Pro-democracy activists in Hong Kong have been denied permission to use a park that has been the marshaling ground for a large scale protest march, held each year on July 1—the anniversary of the city’s return to Chinese rule.
The Civil Human Rights Front (CHRF), which has coordinated the protest since 2002, said on Wednesday that its application to book the grounds at the city’s colonial era Victoria Park had been turned down. Instead, the site had been granted to a pro-Beijing group called the Hong Kong Celebrations Association, for the ostensible purpose of festivities on the 20th anniversary of Hong Kong’s handover.
The decision to deny protesters access to the park comes as authorities prepare for a three-day visit to Hong Kong during the anniversary celebrations by Chinese president Xi Jinping.
The Hong Kong Celebrations Association is registered as a charitable organization, and as such its request technically enjoys priority over the CHRF’s under local regulations.
However, in a press conference on Thursday, CHRF convenor Au Nok-hin questioned the Association’s charitable status and pointed out that Carrie Lam, Hong Kong’s incoming leader, serves as its chairperson. Current top official Leung Chun-ying, and Zhang Xiaoming, Beijing’s top representative in Hong Kong, also hold titles in the organization.

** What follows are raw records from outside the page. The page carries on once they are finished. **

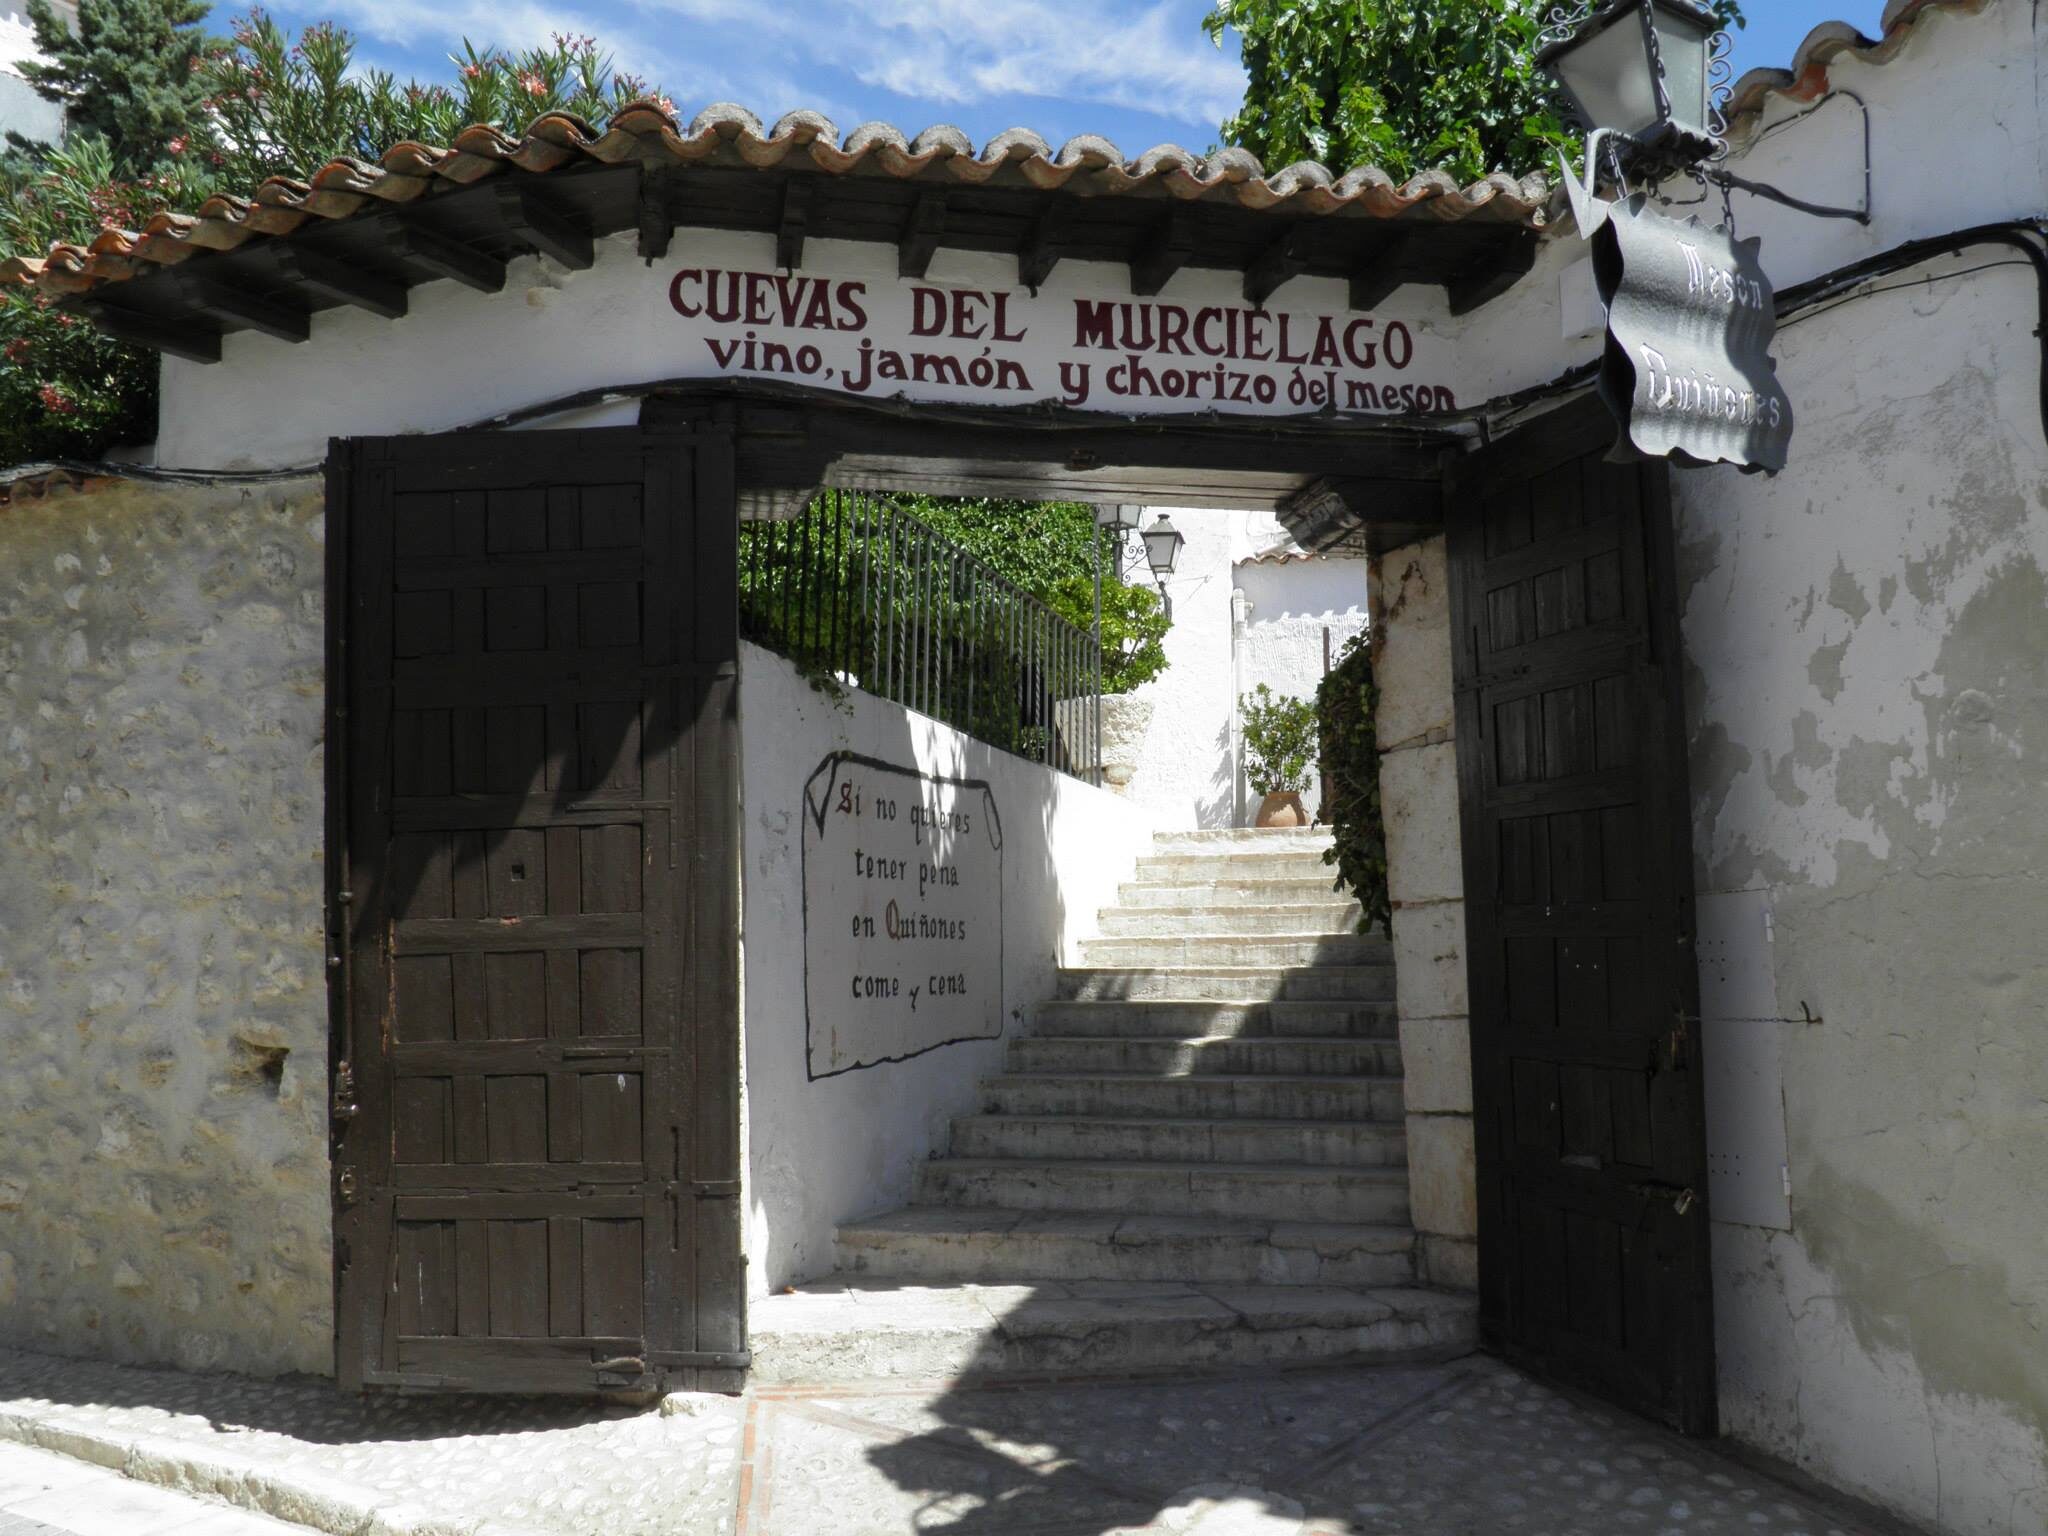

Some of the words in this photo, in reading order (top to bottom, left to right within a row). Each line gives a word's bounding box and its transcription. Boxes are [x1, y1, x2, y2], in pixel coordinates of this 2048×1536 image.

[668, 269, 869, 332] CUEVAS
[908, 287, 1029, 343] DEL
[704, 331, 834, 380] vino,
[841, 338, 1034, 392] jamón
[1058, 362, 1091, 406] y
[1106, 355, 1277, 405] chorizo
[1287, 366, 1338, 408] del
[1344, 379, 1458, 413] meson
[876, 798, 896, 820] no
[910, 802, 970, 846] quieres
[854, 848, 907, 881] tener
[919, 862, 960, 897] pena
[852, 914, 876, 939] en
[885, 899, 967, 942] Quiñones
[852, 975, 900, 998] come
[908, 985, 920, 1012] y
[928, 973, 967, 996] cena

Cheng Sze-lut, another member of the CHRF, told TIME that the failure of their application was “highly related to political factors” such as Xi’s visit. The Association’s permit comes into effect two weeks before the march, Cheng said, believing that to be a deliberate attempt by the pro-Beijing camp to make the park off limits to democracy protesters well ahead of time.
“All the big names in the pro-Beijing camp are core members of the Celebration Association,” he says, adding that the CHRF was searching for an alternative protest site.
The annual democracy march is a fixture in the political calendar of China’s freest city and often attracts large crowds. In 2013, after the government attempted to introduce a controversial anti-subversion law, a record half a million people turned out.
Attendance for the march has declined since the failure of the pro-democracy Umbrella Movement in 2014, but the gathering remains a highly charged ritual in a semi-autonomous territory that has never enjoyed smooth relations with Beijing since its return to Chinese sovereignty in 1997.